Data under study: Begin

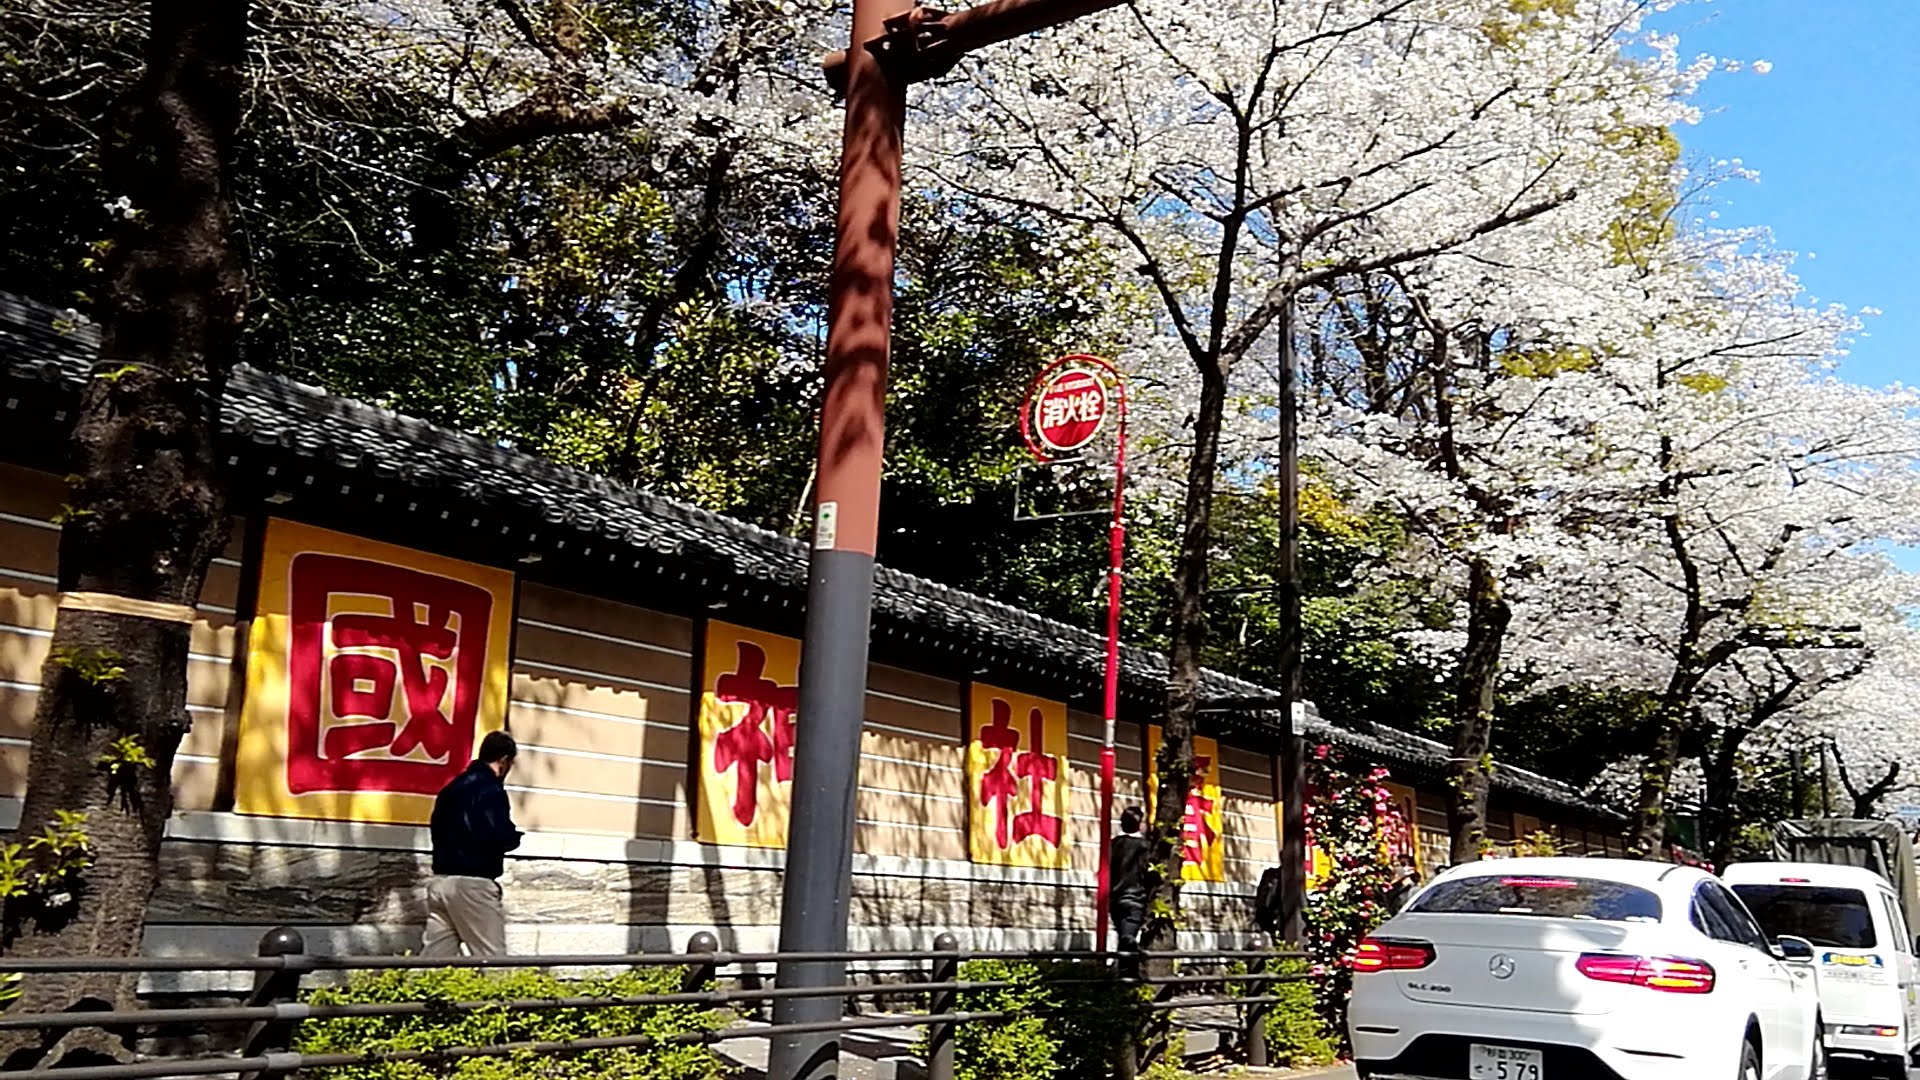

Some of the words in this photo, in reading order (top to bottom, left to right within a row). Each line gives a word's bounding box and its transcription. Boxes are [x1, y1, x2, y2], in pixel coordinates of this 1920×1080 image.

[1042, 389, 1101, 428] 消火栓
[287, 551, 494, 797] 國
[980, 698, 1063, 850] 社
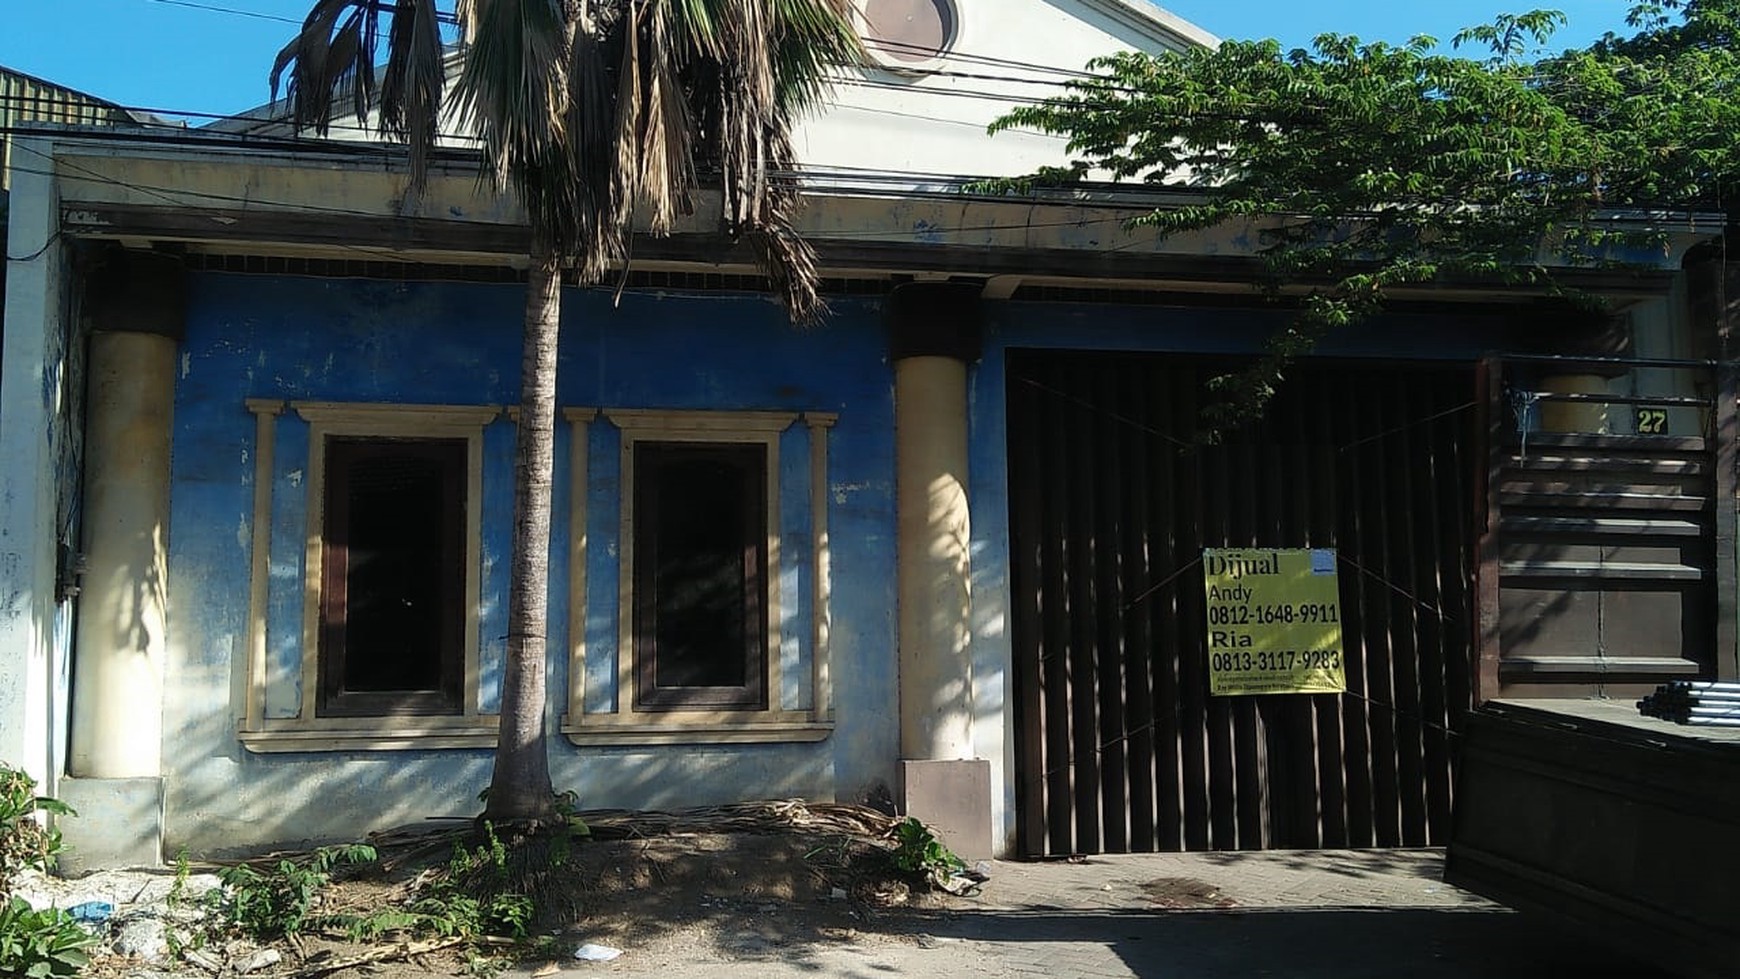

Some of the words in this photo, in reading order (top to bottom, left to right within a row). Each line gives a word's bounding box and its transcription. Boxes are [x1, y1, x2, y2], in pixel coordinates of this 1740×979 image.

Data under study: End

Please give back the data above word for word, with no pictures included.

Some of the words in this photo, in reading order (top to bottom, left to right within a row). Each line gives a word's bounding box and its transcription. Boxes are [x1, y1, x2, y2], in pixel coordinates of this 1920×1080 image.

[1042, 389, 1101, 428] 消火栓
[287, 551, 494, 797] 國
[980, 698, 1063, 850] 社

Some of the words in this photo, in reading order (top to bottom, left to right within a row). Each line gives a word's bounding box and its transcription. Boxes are [x1, y1, x2, y2], in pixel coordinates of this 1740×979 image.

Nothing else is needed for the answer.